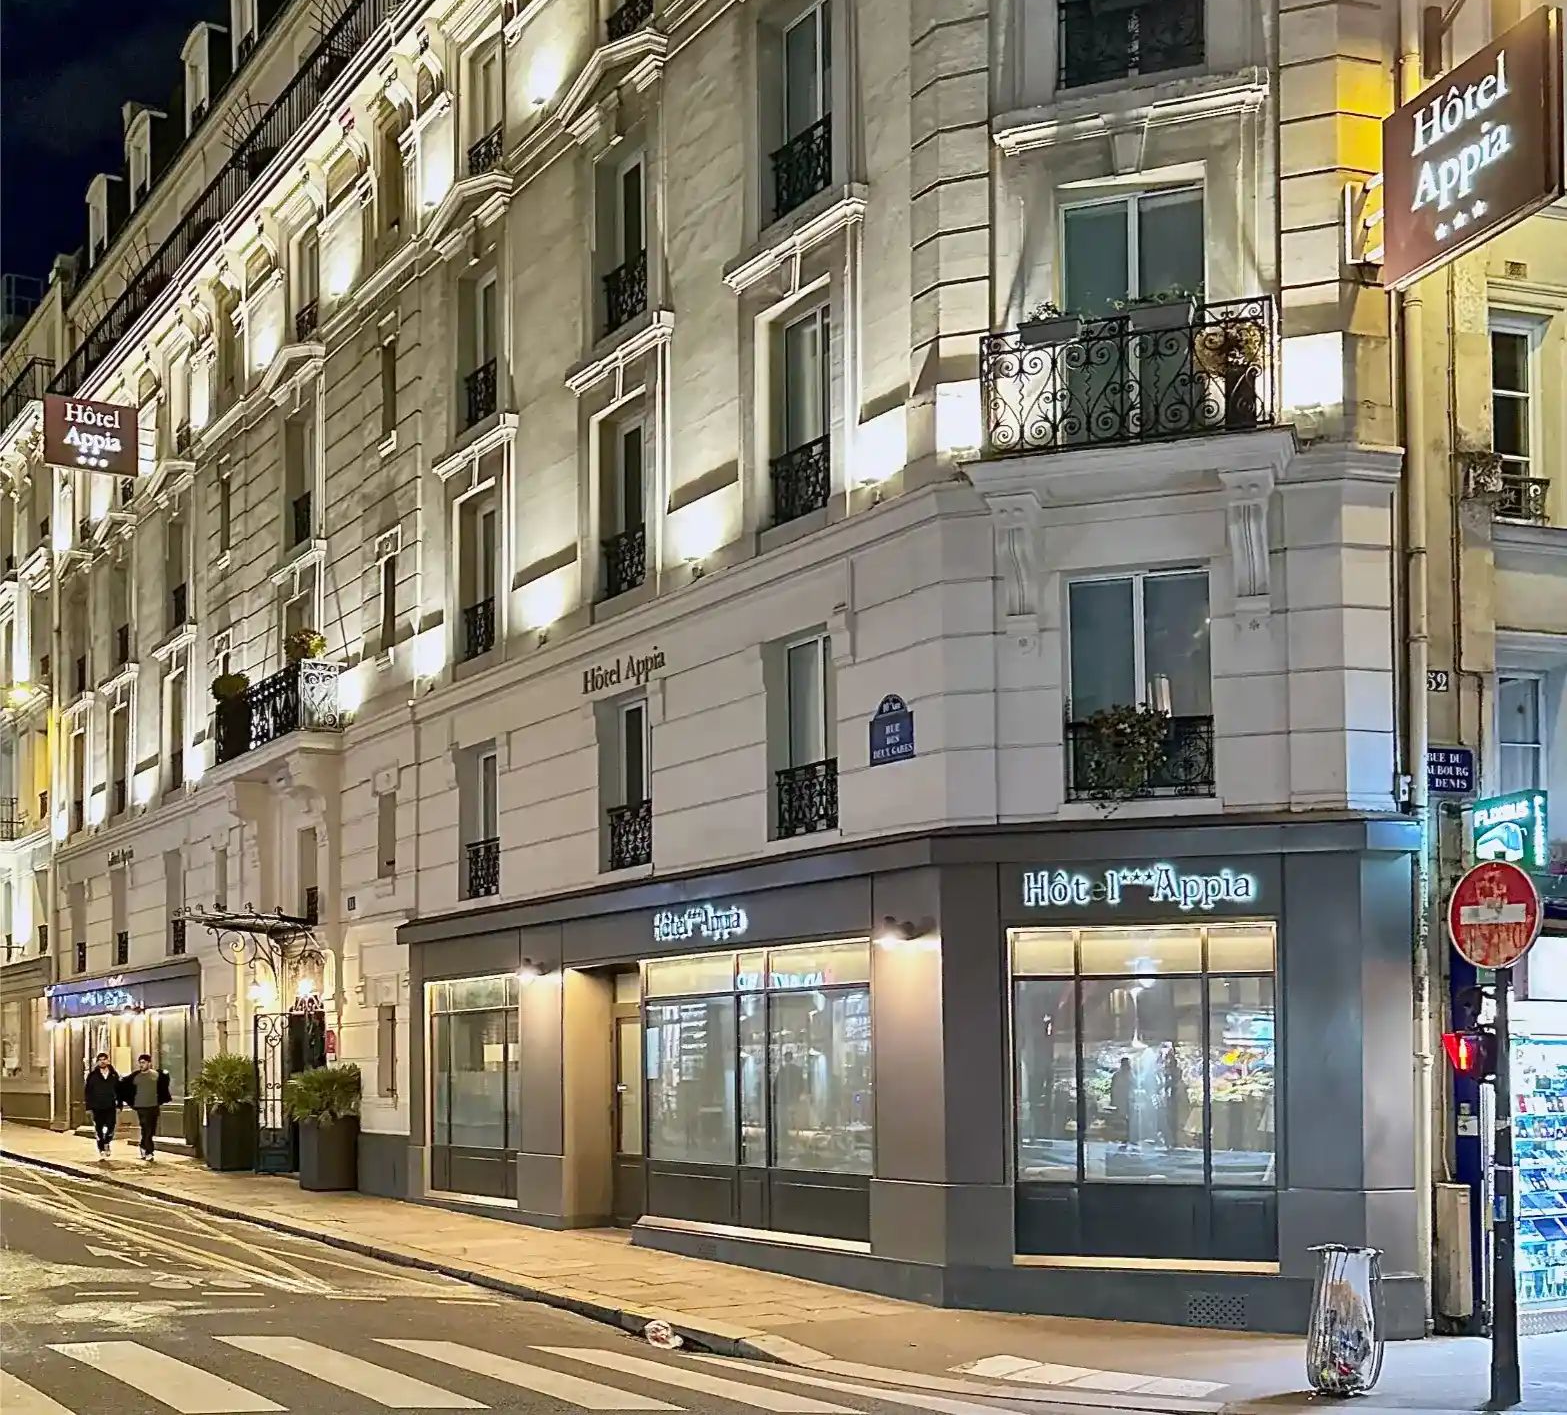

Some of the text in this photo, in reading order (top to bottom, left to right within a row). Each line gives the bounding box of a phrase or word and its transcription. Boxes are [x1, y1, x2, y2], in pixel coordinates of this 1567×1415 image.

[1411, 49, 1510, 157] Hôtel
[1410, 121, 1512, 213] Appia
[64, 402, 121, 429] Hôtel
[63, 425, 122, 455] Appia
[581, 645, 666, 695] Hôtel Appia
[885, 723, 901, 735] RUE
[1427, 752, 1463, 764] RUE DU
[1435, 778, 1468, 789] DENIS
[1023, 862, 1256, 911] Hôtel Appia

# # # #

◆ **Work item**:
Set the entries down again exactly. Do not include the images.

◆ **Reply**:
Some of the text in this photo, in reading order (top to bottom, left to right within a row). Each line gives the bounding box of a phrase or word and its transcription. Boxes are [x1, y1, x2, y2], in pixel coordinates of this 1567×1415 image.

[1411, 49, 1510, 157] Hôtel
[1410, 121, 1512, 213] Appia
[64, 402, 121, 429] Hôtel
[63, 425, 122, 455] Appia
[581, 645, 666, 695] Hôtel Appia
[885, 723, 901, 735] RUE
[1427, 752, 1463, 764] RUE DU
[1435, 778, 1468, 789] DENIS
[1023, 862, 1256, 911] Hôtel Appia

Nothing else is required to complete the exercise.